■ **Task details**
Write out the data word for word and drop any picture you find.

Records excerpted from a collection

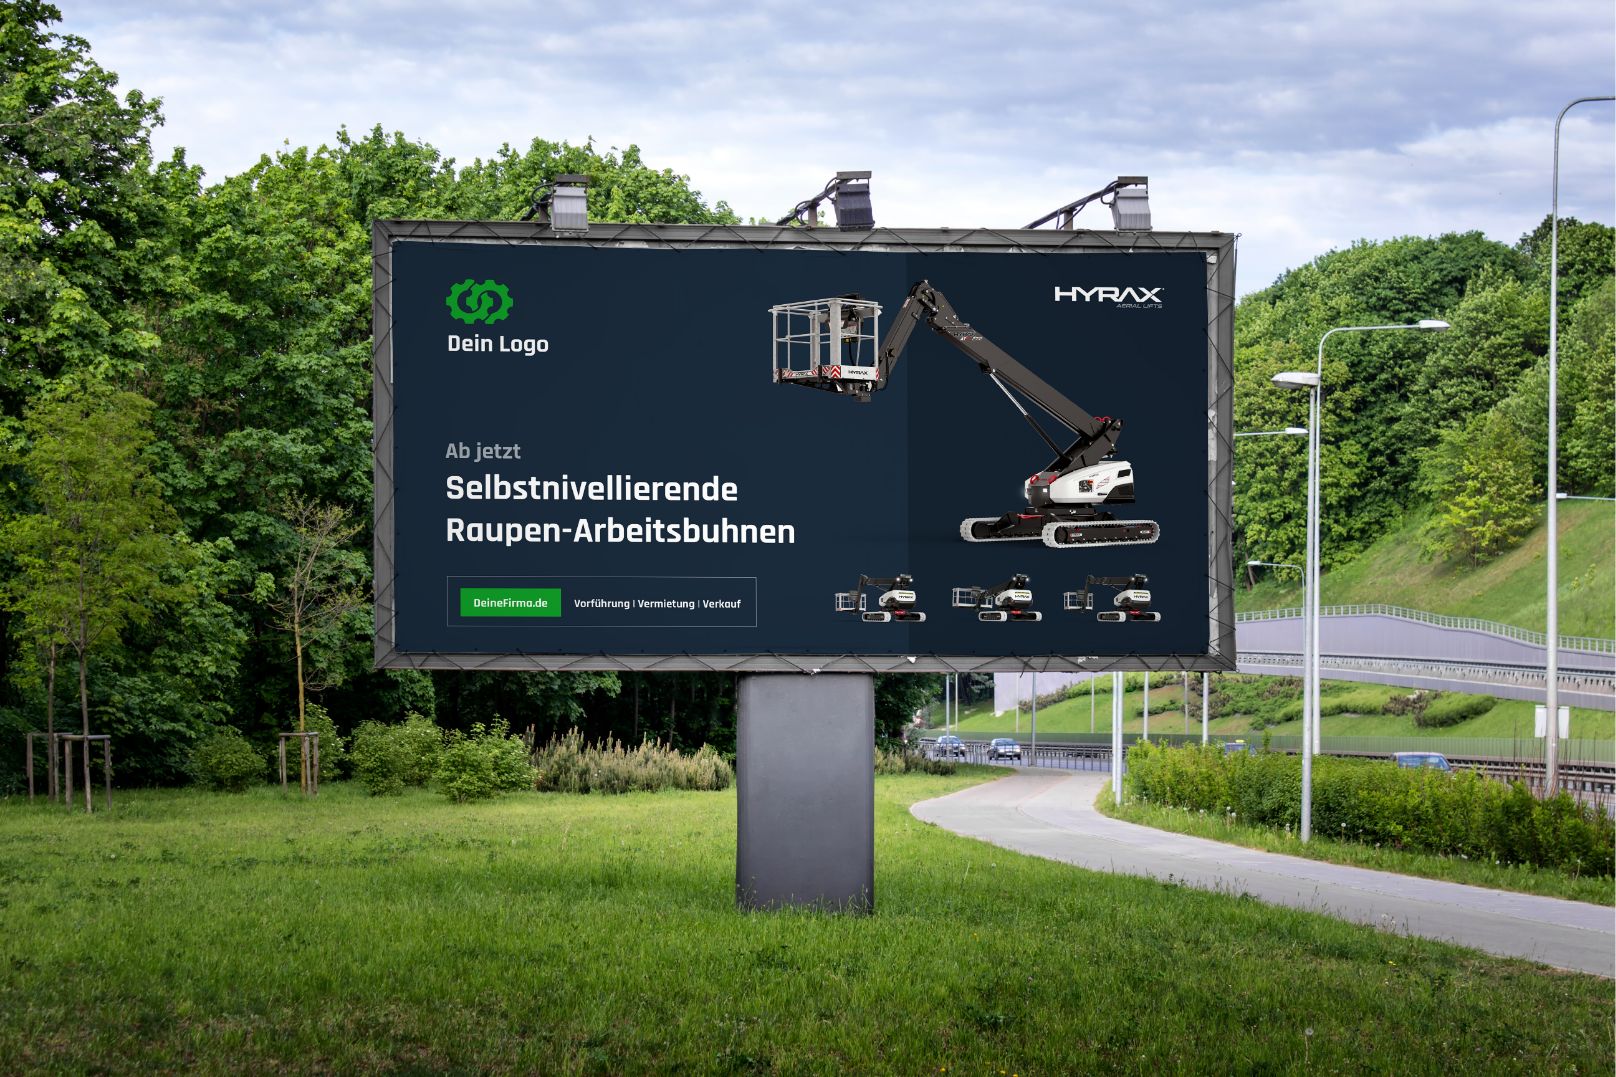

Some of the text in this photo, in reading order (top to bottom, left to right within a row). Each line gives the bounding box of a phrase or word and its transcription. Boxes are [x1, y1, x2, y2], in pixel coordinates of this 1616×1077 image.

[1055, 286, 1162, 303] HYRAX
[447, 333, 550, 357] Dein Logo
[445, 441, 522, 463] Ab jetzt
[446, 473, 738, 502] Selbstnivellierende
[446, 516, 796, 547] Raupen-Arbeitsbuhnen
[473, 598, 548, 608] DeineFirma.de
[573, 598, 631, 610] Vorführung
[637, 599, 696, 611] Vermietung
[702, 599, 742, 610] Verkauf

■ **Solution**
Some of the text in this photo, in reading order (top to bottom, left to right within a row). Each line gives the bounding box of a phrase or word and its transcription. Boxes are [x1, y1, x2, y2], in pixel coordinates of this 1616×1077 image.

[1055, 286, 1162, 303] HYRAX
[447, 333, 550, 357] Dein Logo
[445, 441, 522, 463] Ab jetzt
[446, 473, 738, 502] Selbstnivellierende
[446, 516, 796, 547] Raupen-Arbeitsbuhnen
[473, 598, 548, 608] DeineFirma.de
[573, 598, 631, 610] Vorführung
[637, 599, 696, 611] Vermietung
[702, 599, 742, 610] Verkauf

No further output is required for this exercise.